Reputation: 4797
Here is my code, I use it to open an excel sheet and then return each row as a list of strings (where each cell is a string). The class returns one list that is filled with as many lists as there are rows in the file. So 50 rows will return 50 lists.
from xlrd import open_workbook
class ExcelReadLines(object):
def __init__(self,path_to_file):
'''Accepts the Excel File'''
self.path_to_file = path_to_file
self.__work__()
def __work__(self):
self.full_file_as_read_lines = []
self.book = open_workbook(self.path_to_file)
self.sheet = self.book.sheet_by_index(0)
for row_index in range(self.sheet.nrows):
single_read_lines = []
for col_index in range(self.sheet.ncols):
cell_value_as_string = str(self.sheet.cell(row_index,col_index).value)
cell_value_stripped = cell_value_as_string.strip('u')
single_read_lines.append(cell_value_stripped)
self.full_file_as_read_lines.append(single_read_lines)
return self.full_file_as_read_lines
But when I run:
for x in ExcelReader('excel_sheet'): print x
I get the error message:
class is not iterable
Upvotes: 1
Views: 167
Reputation: 142176
Unless I'm mistaken, what you're really after is
def first_sheet(fname):
wb = xlrd.open_workbook(fname)
ws = wb.sheet_by_index(0)
for i in xrange(ws.nrows):
yield ws.row_values(i) # maybe strip 'u''s - but that looks a bit sus... (probably something to do with your `str`)
list_of_rows = list(first_sheet('somefile.xls'))

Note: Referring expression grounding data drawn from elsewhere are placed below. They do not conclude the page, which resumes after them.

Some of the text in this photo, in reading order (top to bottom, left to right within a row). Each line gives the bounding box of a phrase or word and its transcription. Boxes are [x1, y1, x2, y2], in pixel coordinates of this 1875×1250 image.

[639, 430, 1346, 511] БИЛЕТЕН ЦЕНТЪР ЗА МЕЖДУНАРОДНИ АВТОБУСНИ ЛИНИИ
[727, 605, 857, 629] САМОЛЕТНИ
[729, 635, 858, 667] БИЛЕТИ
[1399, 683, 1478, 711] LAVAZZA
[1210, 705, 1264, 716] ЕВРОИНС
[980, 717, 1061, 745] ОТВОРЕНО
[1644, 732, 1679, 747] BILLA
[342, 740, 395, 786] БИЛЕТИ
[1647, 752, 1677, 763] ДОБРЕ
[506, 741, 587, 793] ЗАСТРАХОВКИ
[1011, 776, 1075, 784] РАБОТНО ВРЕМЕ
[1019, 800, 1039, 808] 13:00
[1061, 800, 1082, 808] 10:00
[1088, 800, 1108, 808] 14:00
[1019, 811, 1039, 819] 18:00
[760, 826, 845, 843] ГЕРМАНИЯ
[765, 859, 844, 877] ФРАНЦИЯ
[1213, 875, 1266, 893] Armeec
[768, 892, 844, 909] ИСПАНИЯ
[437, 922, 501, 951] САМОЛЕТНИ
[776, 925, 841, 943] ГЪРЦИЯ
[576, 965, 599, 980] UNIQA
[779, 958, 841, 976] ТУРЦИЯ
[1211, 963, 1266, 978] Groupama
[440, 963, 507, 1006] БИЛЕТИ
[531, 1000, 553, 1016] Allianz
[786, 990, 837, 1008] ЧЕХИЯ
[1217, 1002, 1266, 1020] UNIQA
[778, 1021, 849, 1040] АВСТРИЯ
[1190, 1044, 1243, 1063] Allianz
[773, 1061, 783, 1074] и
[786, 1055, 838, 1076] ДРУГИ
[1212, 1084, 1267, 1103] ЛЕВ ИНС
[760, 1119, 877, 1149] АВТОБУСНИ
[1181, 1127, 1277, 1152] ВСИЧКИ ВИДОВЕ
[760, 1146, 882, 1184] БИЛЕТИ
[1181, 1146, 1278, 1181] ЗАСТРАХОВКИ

Then do any transposition using zip
if needs be...
Upvotes: 0
Reputation: 309939
In order for a class to be iterable, it needs to have an __iter__
method.
Consider:
class Foo(object):
def __init__(self,lst):
self.lst = lst
def __iter__(self):
return iter(self.lst)
example:
>>> class Foo(object):
... def __init__(self,lst):
... self.lst = lst
... def __iter__(self):
... return iter(self.lst)
...
>>> Foo([1,2,3])
<__main__.Foo object at 0xe9890>
>>> for x in Foo([1,2,3]): print x
...
1
2
3
Your example seems like it would be a good bit better as a generator -- I don't really understand what the need is for a class here:
def excel_reader(path_to_file):
book = open_workbook(path_to_file)
sheet = book.sheet_by_index(0)
for row_index in range(sheet.nrows):
single_read_lines = []
for col_index in range(sheet.ncols):
cell_value_as_string = str(self.sheet.cell(row_index,col_index).value)
cell_value_stripped = cell_value_as_string.strip('u')
single_read_lines.append(cell_value_stripped)
yield single_read_lines
Upvotes: 7
Reputation: 251408
You have a few problems here.
Your code doesn't return anything. You call __work__
but don't return the value.
Even if it did, that wouldn't help, because returning something from __init__
doesn't make the object be that thing.
You don't want your object to be a list anyway, you just want to iterate over it.
See this question for a simple example of how to write an iterator in Python.
In addition, you shouldn't use double-underscore-sandwich names like __work__
in your code. That sort of name is by convention reserved for Python-internal use.
Upvotes: 1
Reputation: 29658
You should look into implementing Python's special iterator methods.
Also, note that you shouldn't name a method __work__
since it uses magic method syntax but isn't actually a real magic method.